PitchBook reports that there is significant interest from individual investors and insurers, with the US wealth channel alone expected to contribute $60bn to private debt funds this year.
“Several of the mega alternative managers have targeted 25 per cent of all fundraising to come from the wealth channel, and a few have already arrived – including Blue Owl, which derived $11.2bn of its $15.7bn in TTM fundraising from its private wealth product set, mostly in private debt,” the report noted.
Read more: Morningstar warns of risks due to private debt fundraising slog
Meanwhile, private debt has overtaken venture capital as the second highest fundraising strategy in private capital markets, behind private equity.
PitchBook notes that in the fourth quarter of 2023, private debt assets under management (AUM) reached $1.6trn globally. “Looking at just institutional drawdown funds, growth has been most explosive in direct lending – private debt’s largest substrategy – which surpassed $592bn in AUM at year-end 2023, up from $77.1bn 10 years ago,” it said.
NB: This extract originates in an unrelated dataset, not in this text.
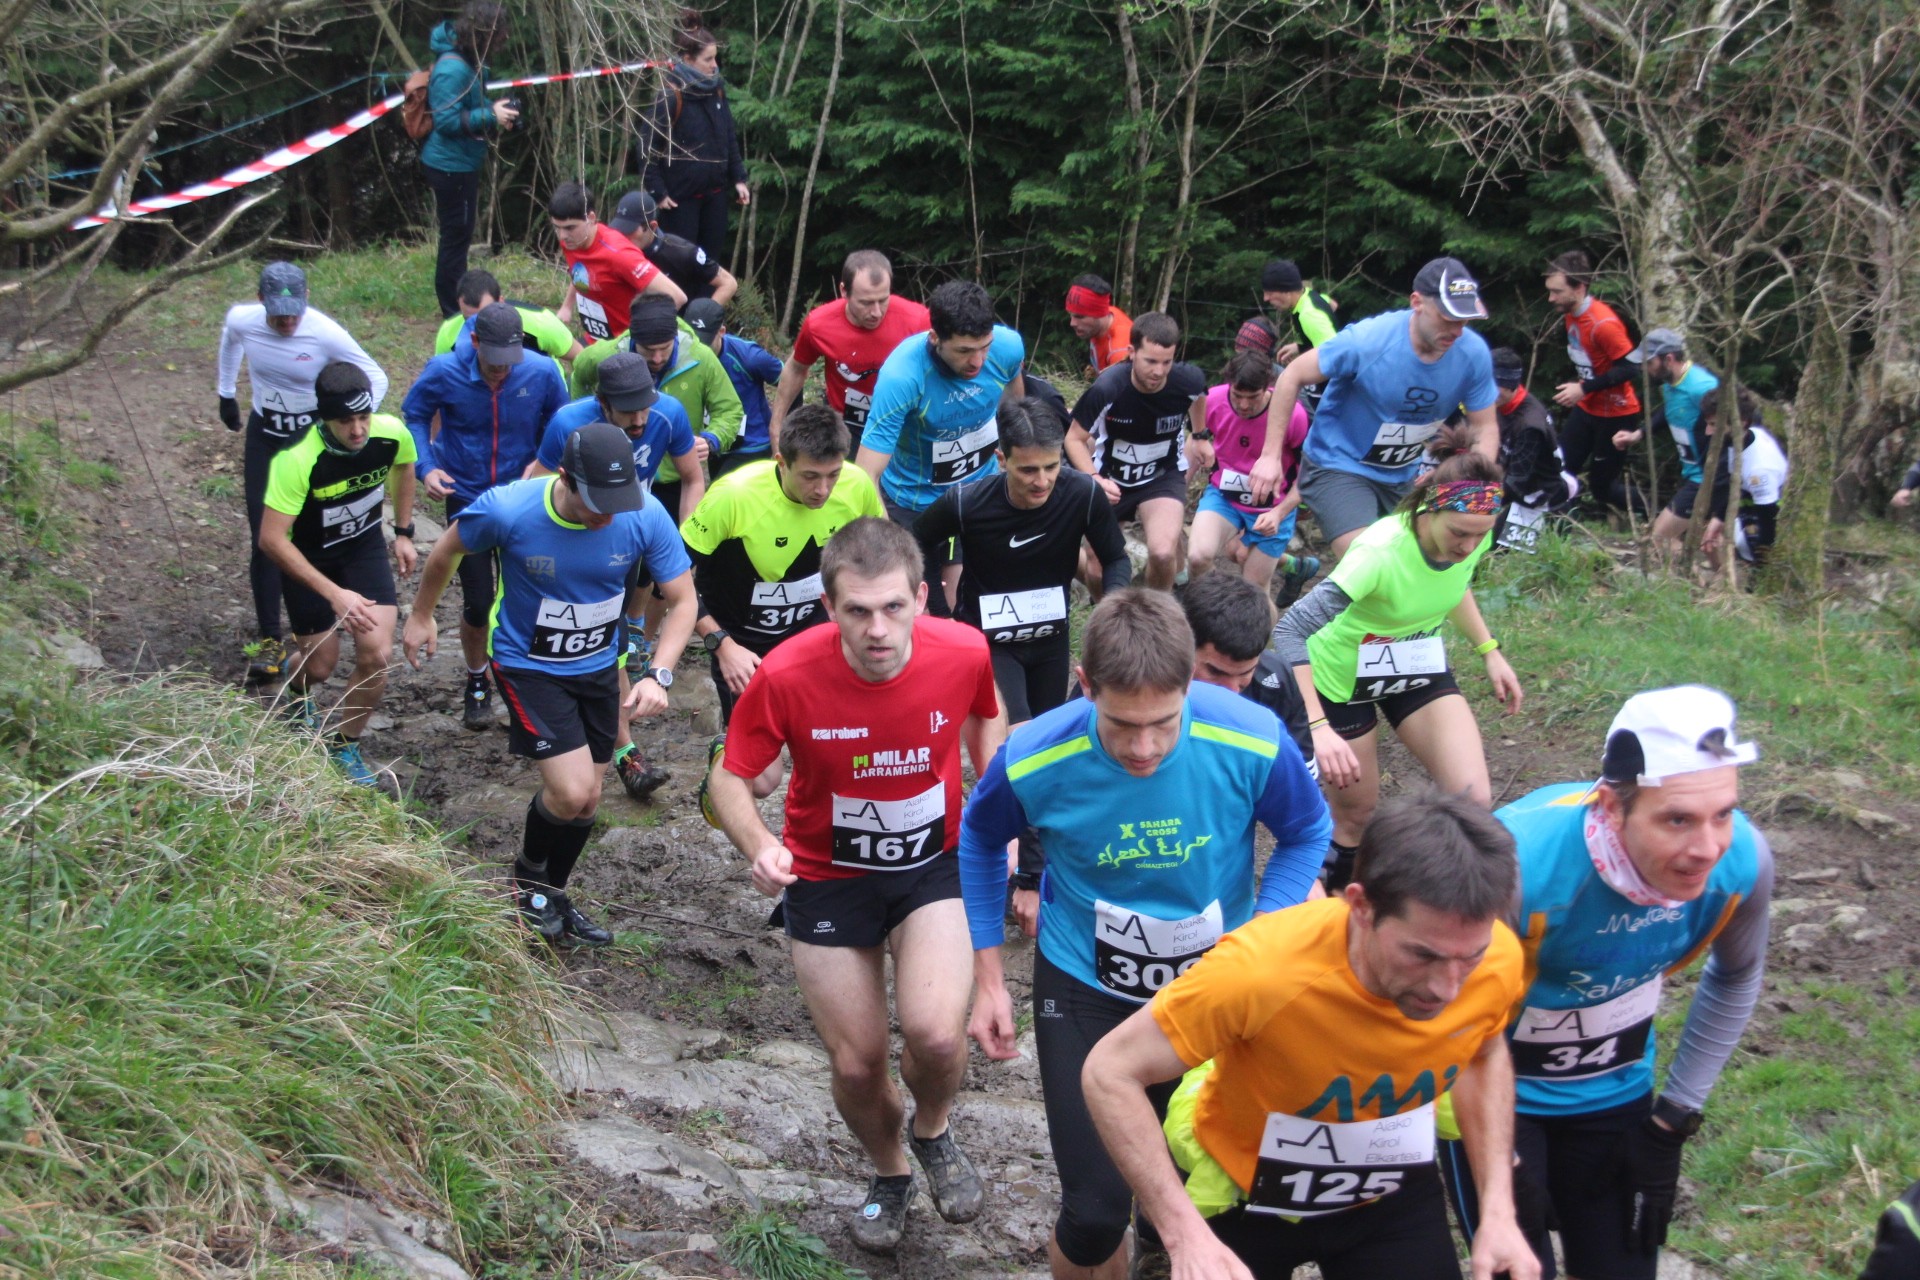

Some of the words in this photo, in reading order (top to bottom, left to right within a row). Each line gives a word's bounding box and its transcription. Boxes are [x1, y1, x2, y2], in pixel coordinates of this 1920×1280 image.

That growth marks a compound annual growth rate of 22.6 per cent versus 10.4 per cent for private equity AUM growth during the same period, which PitchBook analysts believe indicates massive opportunity for private debt funds to expand, particularly as bank lending continues to retrench.
Read more: €6.6bn of private credit facilities were refinanced in H1
PitchBook estimates private equity fund returns for 2023 were 10.5 per cent versus 9.2 per cent for private debt, which it does not expect to change in the first quarter of 2024.
“Our preliminary return estimates for both strategies are virtually identical at 2 per cent apiece,” the report said. “As long as private debt ranks near the top of private market return tables while featuring historically low volatility, it should continue to attract strong flows from investors seeking attractive risk-adjusted returns.”
PitchBook analysts highlighted that the main risk to private debt returns is any “steeper-than-expected rate cuts by global central banks”, but this is not currently the anticipated outlook.